To wszystko dlatego, że Ona uwierzyła. Uwierzyła że staną się jej
wszystkie te rzeczy, które zapowiedział jej święty Gabriel Archanioł. I
od tej pory, odkąd poczęło się w Niej nowe życie, życie Boga-człowieka,
życie którego nikt nie widział do tej pory, od tej pory Maryja jeszcze
bardziej współpracowała z wolą Bożą, i realizowała to czego Pan Bóg od
niej zażądał. I to jej posłuszeństwo stało się gwarantem, stało się
czymś co umożliwiło Maryi Niepokalanej być tą, jak czytamy w Księdze
Judyty, która uderzyła wroga w jego głowę. Ona stała się wykonawczynią
woli Bożej, nie tylko jako szeregowy żołnierz, ale jako Ta, która miała
to specjalne zadanie, uderzenie w głowę przywódcy wrogów. To jest
nawiązanie do Księgi Judyty, do tej dzielnej izraelskiej niewiasty,
która zabiła wroga Izraelitów. I to zadanie w o wiele większym stopniu
przypada Najświętszej Maryi Pannie, zwłaszcza w Nowym Testamencie, kiedy
Maryja poprzez swoją czystość, Niepokalaność, posłuszeństwo, pokorę,
mądrość i ducha modlitwy, stała się Tą która w szczególny sposób
pomagała Panu Jezusowi, współpracowała z Nim w dziele zbawienia, stała
się Tą Pośredniczką Wszelkich Łask, Współodkupicielką, Tą która razem z
Panem Jezusem zatryumfowała nad złem, i zniszczyła szatana i jego
knowania. Stąd też tak wielki tryumf który stał się udziałem naszej
Matki i Królowej.
Ta, która była najskromniejszą służebnicą Pańską, która ukorzyła się,
która była pełna pokory, Ona zatryumfowała na oczach całego świata, na
oczach Apostołów, kiedy to przyszedł Jej kres życia na ziemi, i miała
odejść z tego świata, została wziętą z ciałem i duszą do nieba, przez
Pana Jezusa, w towarzystwie chórów anielskich.
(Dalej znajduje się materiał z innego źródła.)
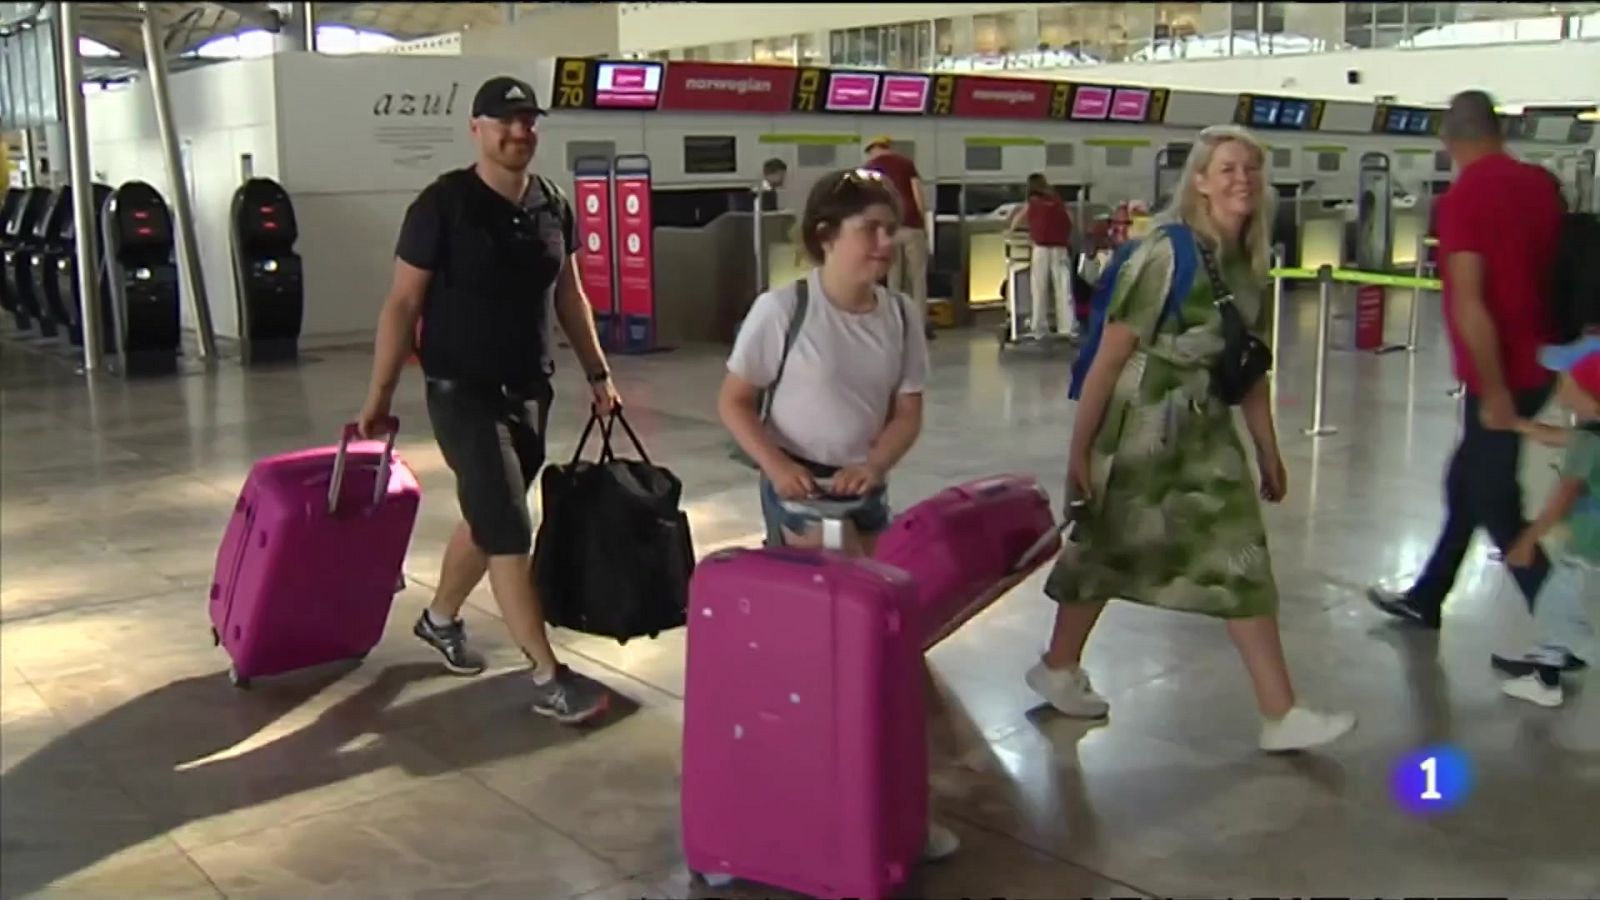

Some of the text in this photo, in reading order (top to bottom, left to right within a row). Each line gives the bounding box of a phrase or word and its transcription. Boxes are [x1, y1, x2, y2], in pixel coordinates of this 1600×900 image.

[685, 77, 771, 95] norwegian
[373, 82, 458, 116] azul
[560, 87, 583, 106] 70
[799, 93, 815, 110] 71
Jest to wielka,
pocieszająca tajemnica, radość w którą wierzyli chrześcijanie - katolicy
od zawsze, ale która została dogmatycznie potwierdzona przez Ojca
Świętego Piusa XII w roku 1950, przy tej okazji stworzono nowy formularz
mszalny, w którym nazywa się Maryję Niepokalaną, Tą która nie ma w
sobie żadnego grzechu, nawet grzechu pierworodnego. I jako Niepokalana
właśnie, ma Ona szczególną moc i potęgę przeciwko złu, przeciwko
światowi i przeciwko diabłu. Dlatego jest Ona taką wielką Orędowniczką,
że szatan się Jej boi. Ona zajęła miejsce przy Panu Jezusie w niebie,
miejsce gdzie kiedyś przebywali święci aniołowie, wtedy jeszcze święci,
którzy zostali później strąceni w otchłań, przez swoje nieposłuszeństwo.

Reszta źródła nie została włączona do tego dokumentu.